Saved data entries
▬▬▬
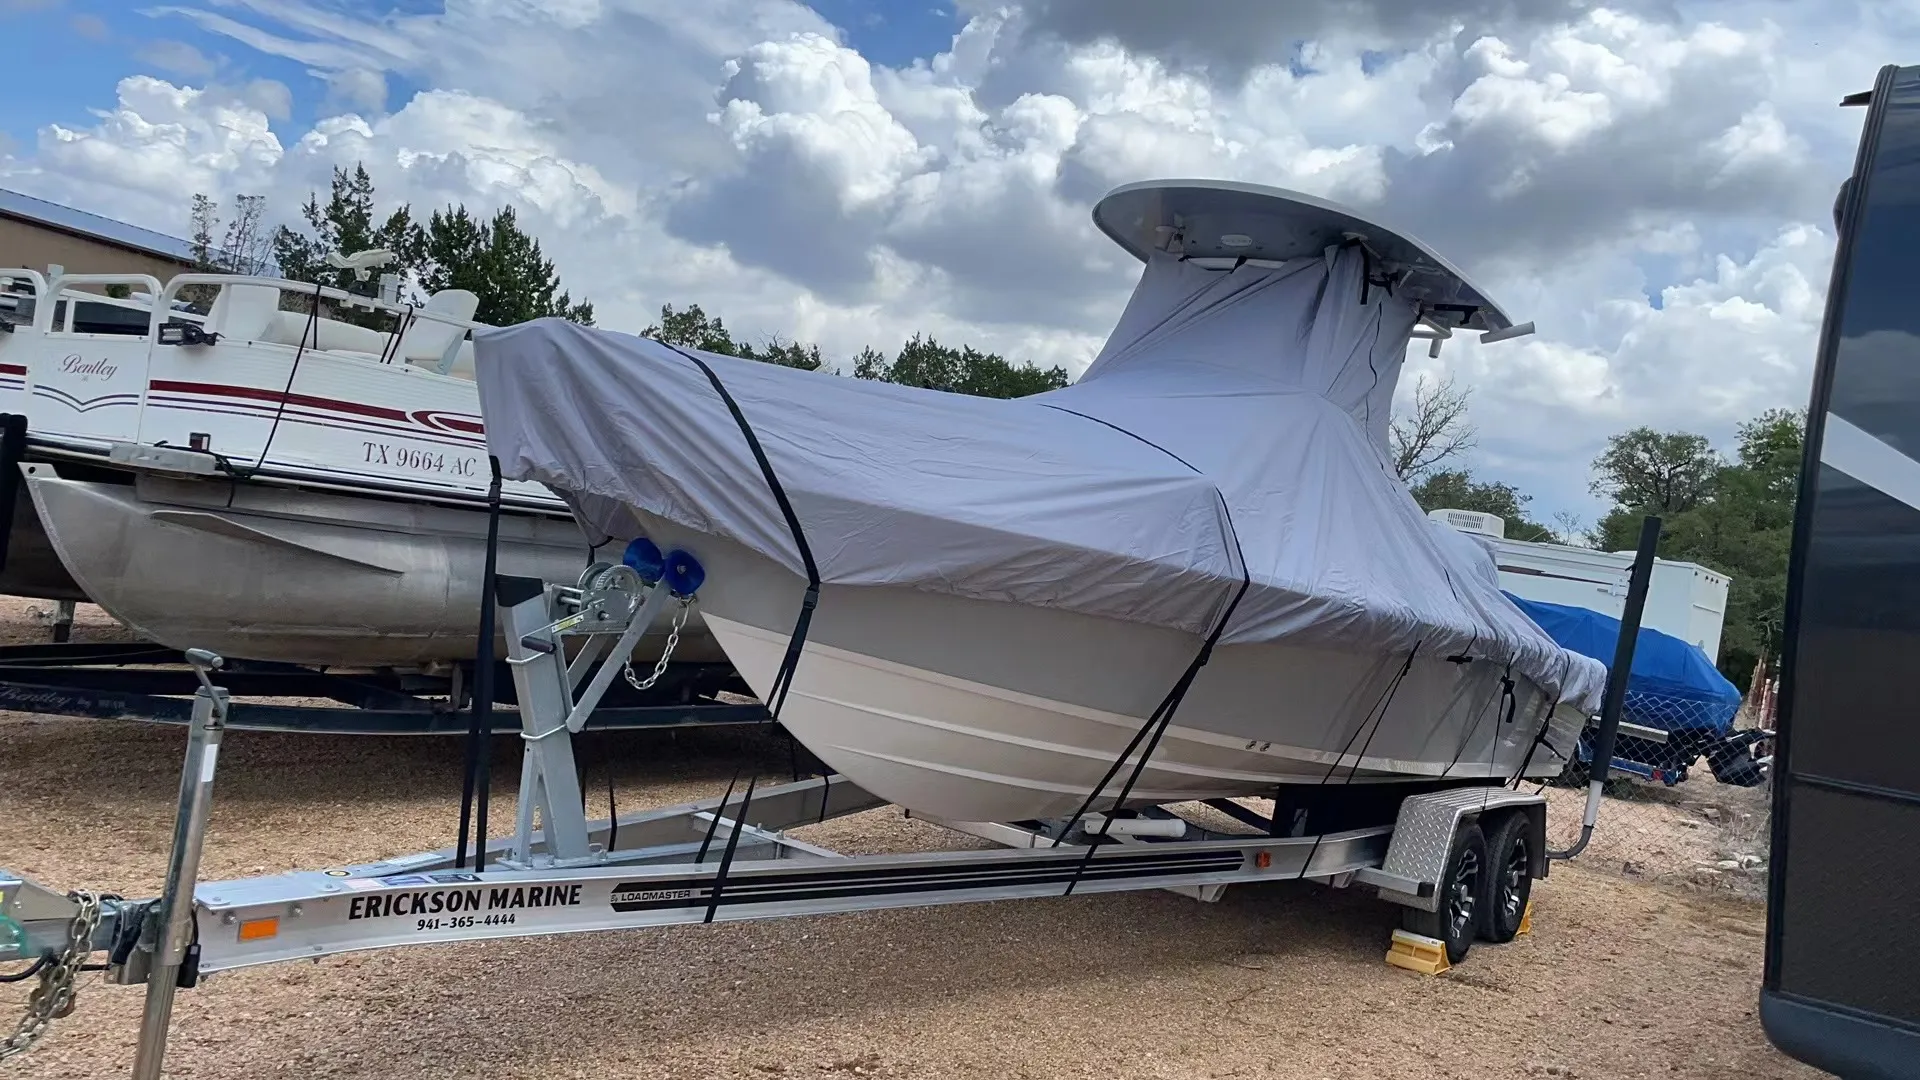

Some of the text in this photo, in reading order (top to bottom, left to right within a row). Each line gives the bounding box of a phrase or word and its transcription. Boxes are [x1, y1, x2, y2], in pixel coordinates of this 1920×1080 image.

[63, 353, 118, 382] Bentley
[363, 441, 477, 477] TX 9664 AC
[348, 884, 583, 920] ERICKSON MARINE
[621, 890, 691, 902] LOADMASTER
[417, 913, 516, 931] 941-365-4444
▬▬▬
TASK PROMPT:
Now reproduce all of the entries precisely, with no pictures in the copy.

PROBLEM SOLUTION:
Some of the text in this photo, in reading order (top to bottom, left to right within a row). Each line gives the bounding box of a phrase or word and its transcription. Boxes are [x1, y1, x2, y2], in pixel coordinates of this 1920×1080 image.

[63, 353, 118, 382] Bentley
[363, 441, 477, 477] TX 9664 AC
[348, 884, 583, 920] ERICKSON MARINE
[621, 890, 691, 902] LOADMASTER
[417, 913, 516, 931] 941-365-4444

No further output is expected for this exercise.